_TASK DESCRIPTION_:
Images are to be dropped, and the rest of the data reproduced exactly.

○ ○ ○ ○

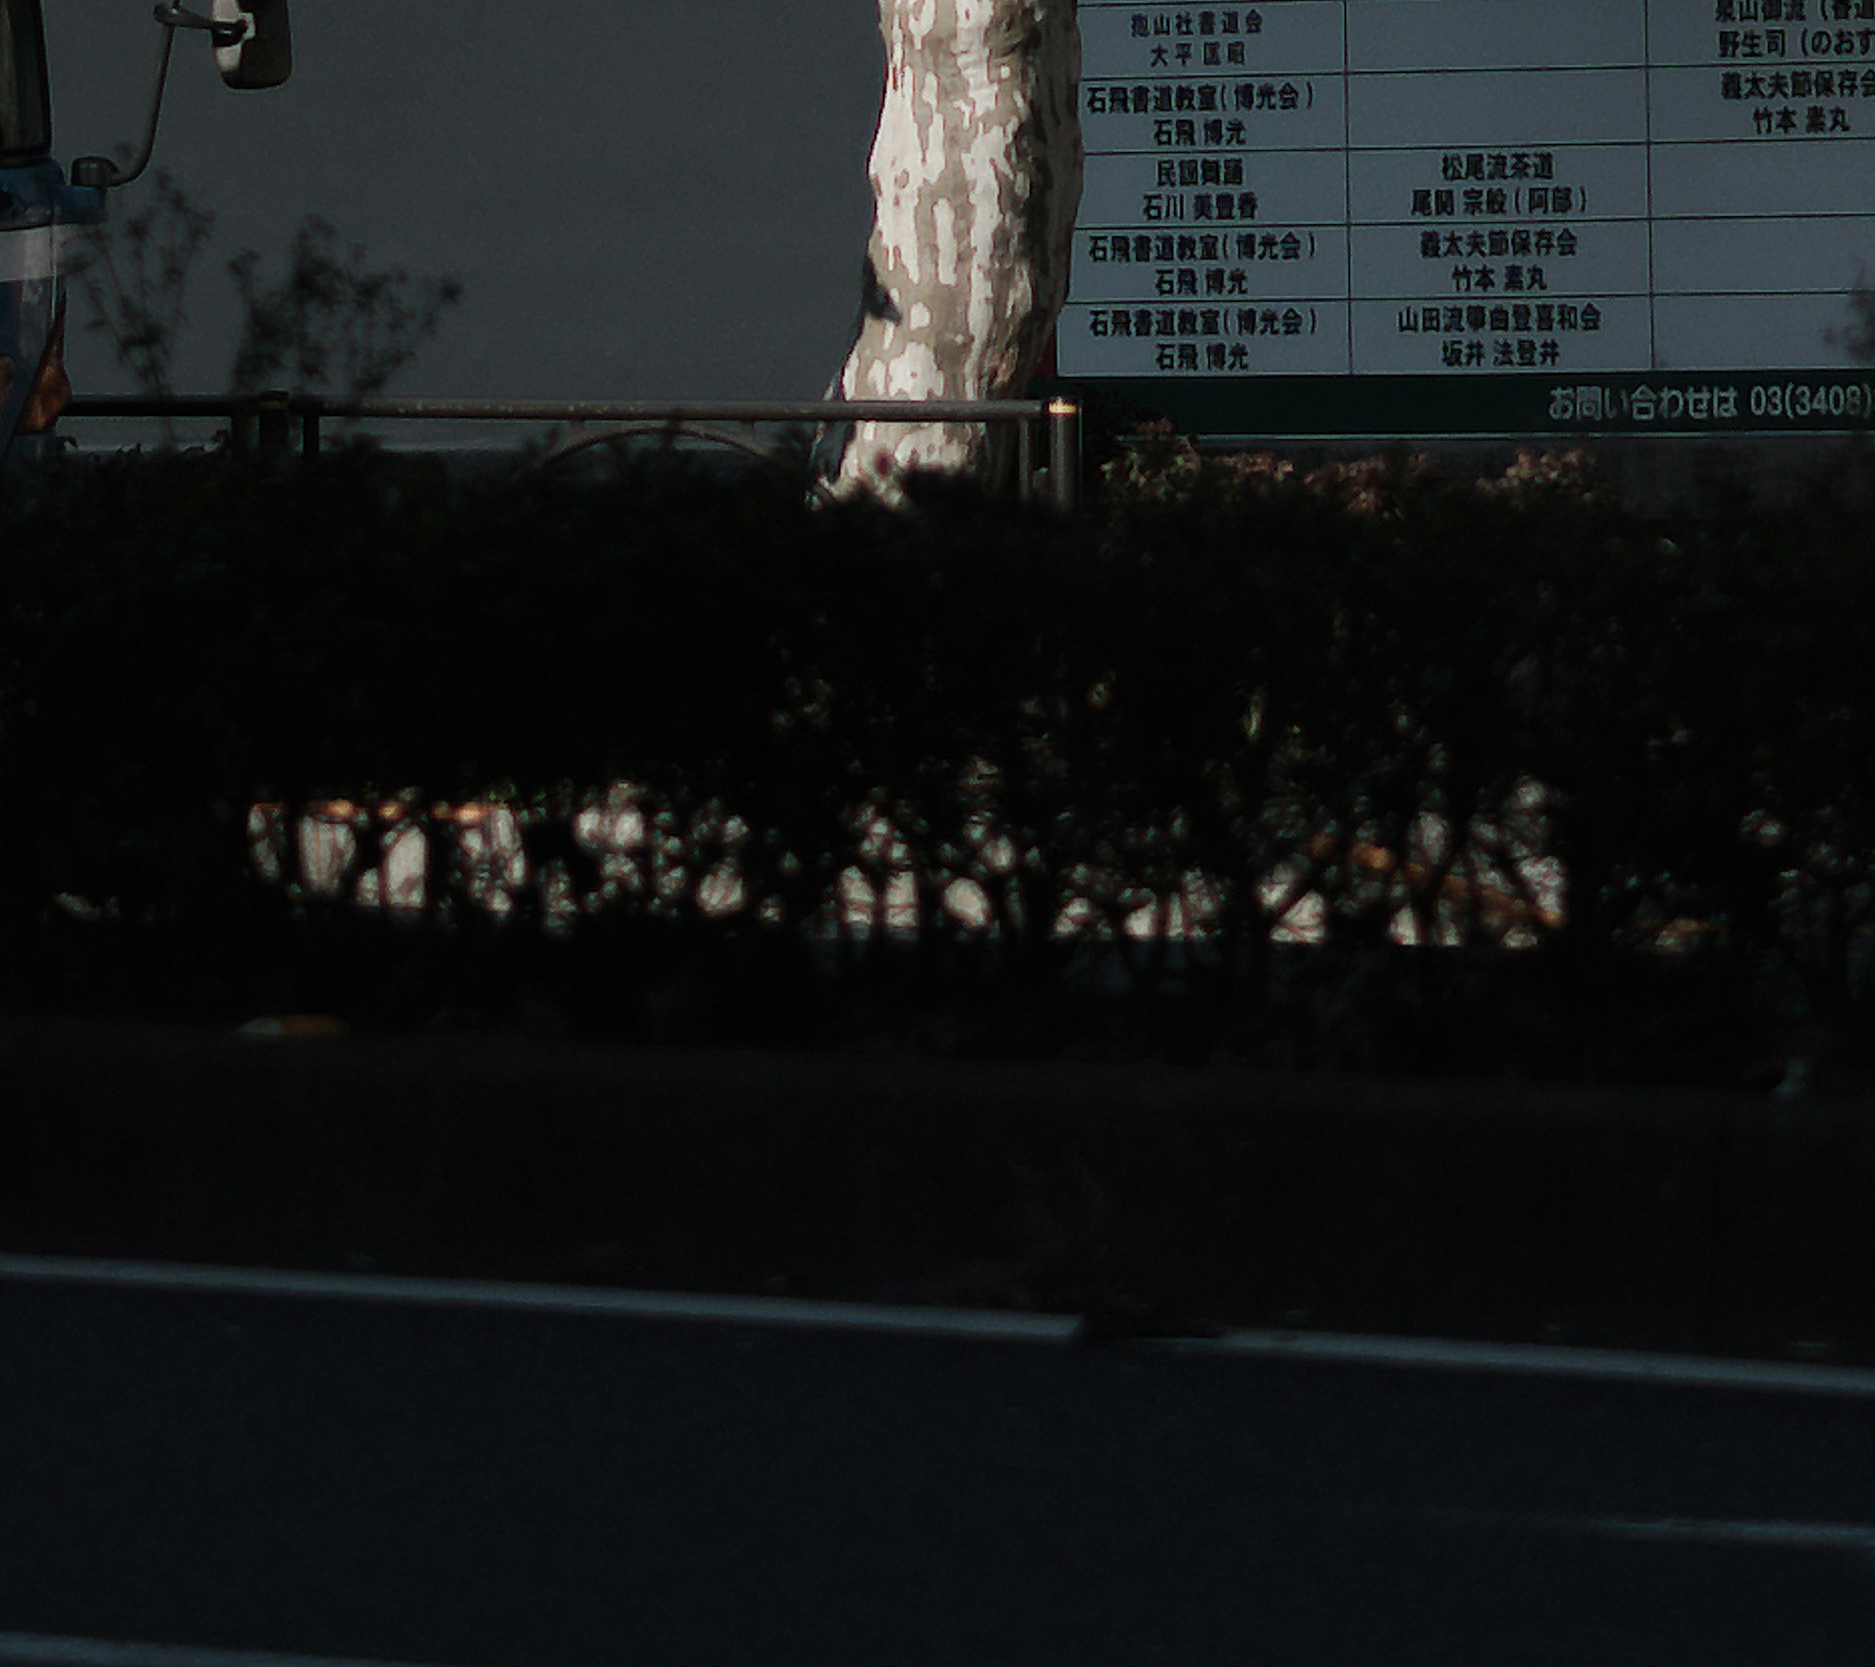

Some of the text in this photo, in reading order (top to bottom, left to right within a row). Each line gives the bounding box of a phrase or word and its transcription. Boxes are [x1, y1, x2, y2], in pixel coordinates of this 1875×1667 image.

[1753, 106, 1796, 134] 竹本
[1143, 193, 1184, 222] 石川
[1452, 265, 1495, 292] 竹本
[1549, 385, 1737, 420] お問い合わせは

○ ○ ○ ○

_SOLUTION FOR THIS EXERCISE_:
Some of the text in this photo, in reading order (top to bottom, left to right within a row). Each line gives the bounding box of a phrase or word and its transcription. Boxes are [x1, y1, x2, y2], in pixel coordinates of this 1875×1667 image.

[1753, 106, 1796, 134] 竹本
[1143, 193, 1184, 222] 石川
[1452, 265, 1495, 292] 竹本
[1549, 385, 1737, 420] お問い合わせは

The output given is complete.